> WHAT IS BEING ASKED: The entries below should appear again in your reply, word for word.

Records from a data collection
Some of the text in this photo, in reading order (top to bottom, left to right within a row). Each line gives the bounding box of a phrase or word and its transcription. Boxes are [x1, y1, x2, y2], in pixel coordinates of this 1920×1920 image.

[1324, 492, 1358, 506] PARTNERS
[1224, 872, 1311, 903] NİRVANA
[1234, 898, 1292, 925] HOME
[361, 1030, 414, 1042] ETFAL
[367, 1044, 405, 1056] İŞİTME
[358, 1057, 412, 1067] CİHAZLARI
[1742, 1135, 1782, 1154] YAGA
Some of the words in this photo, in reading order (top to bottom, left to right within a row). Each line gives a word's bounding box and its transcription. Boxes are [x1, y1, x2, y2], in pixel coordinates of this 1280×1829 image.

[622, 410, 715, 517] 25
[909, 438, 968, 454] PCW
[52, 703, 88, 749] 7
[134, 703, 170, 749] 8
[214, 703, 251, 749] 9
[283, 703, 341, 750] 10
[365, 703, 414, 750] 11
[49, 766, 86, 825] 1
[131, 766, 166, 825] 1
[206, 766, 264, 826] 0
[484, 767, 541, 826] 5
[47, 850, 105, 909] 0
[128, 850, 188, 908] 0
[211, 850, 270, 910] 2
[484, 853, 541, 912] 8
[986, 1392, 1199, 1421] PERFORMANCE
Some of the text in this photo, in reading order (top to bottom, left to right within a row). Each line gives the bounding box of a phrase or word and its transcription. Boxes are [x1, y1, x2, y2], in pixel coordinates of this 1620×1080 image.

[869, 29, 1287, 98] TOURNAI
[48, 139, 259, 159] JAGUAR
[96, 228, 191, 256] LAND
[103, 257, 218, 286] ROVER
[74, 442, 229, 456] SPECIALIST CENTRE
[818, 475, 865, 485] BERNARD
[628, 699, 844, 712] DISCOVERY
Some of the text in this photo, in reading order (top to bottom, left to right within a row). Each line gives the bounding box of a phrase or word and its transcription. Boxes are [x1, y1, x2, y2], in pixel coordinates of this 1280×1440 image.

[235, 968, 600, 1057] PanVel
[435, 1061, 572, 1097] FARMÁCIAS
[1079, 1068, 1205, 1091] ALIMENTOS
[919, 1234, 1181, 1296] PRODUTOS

> ANSWER SECTION:
Some of the text in this photo, in reading order (top to bottom, left to right within a row). Each line gives the bounding box of a phrase or word and its transcription. Boxes are [x1, y1, x2, y2], in pixel coordinates of this 1920×1920 image.

[1324, 492, 1358, 506] PARTNERS
[1224, 872, 1311, 903] NİRVANA
[1234, 898, 1292, 925] HOME
[361, 1030, 414, 1042] ETFAL
[367, 1044, 405, 1056] İŞİTME
[358, 1057, 412, 1067] CİHAZLARI
[1742, 1135, 1782, 1154] YAGA
Some of the words in this photo, in reading order (top to bottom, left to right within a row). Each line gives a word's bounding box and its transcription. Boxes are [x1, y1, x2, y2], in pixel coordinates of this 1280×1829 image.

[622, 410, 715, 517] 25
[909, 438, 968, 454] PCW
[52, 703, 88, 749] 7
[134, 703, 170, 749] 8
[214, 703, 251, 749] 9
[283, 703, 341, 750] 10
[365, 703, 414, 750] 11
[49, 766, 86, 825] 1
[131, 766, 166, 825] 1
[206, 766, 264, 826] 0
[484, 767, 541, 826] 5
[47, 850, 105, 909] 0
[128, 850, 188, 908] 0
[211, 850, 270, 910] 2
[484, 853, 541, 912] 8
[986, 1392, 1199, 1421] PERFORMANCE
Some of the text in this photo, in reading order (top to bottom, left to right within a row). Each line gives the bounding box of a phrase or word and its transcription. Boxes are [x1, y1, x2, y2], in pixel coordinates of this 1620×1080 image.

[869, 29, 1287, 98] TOURNAI
[48, 139, 259, 159] JAGUAR
[96, 228, 191, 256] LAND
[103, 257, 218, 286] ROVER
[74, 442, 229, 456] SPECIALIST CENTRE
[818, 475, 865, 485] BERNARD
[628, 699, 844, 712] DISCOVERY
Some of the text in this photo, in reading order (top to bottom, left to right within a row). Each line gives the bounding box of a phrase or word and its transcription. Boxes are [x1, y1, x2, y2], in pixel coordinates of this 1280×1440 image.

[235, 968, 600, 1057] PanVel
[435, 1061, 572, 1097] FARMÁCIAS
[1079, 1068, 1205, 1091] ALIMENTOS
[919, 1234, 1181, 1296] PRODUTOS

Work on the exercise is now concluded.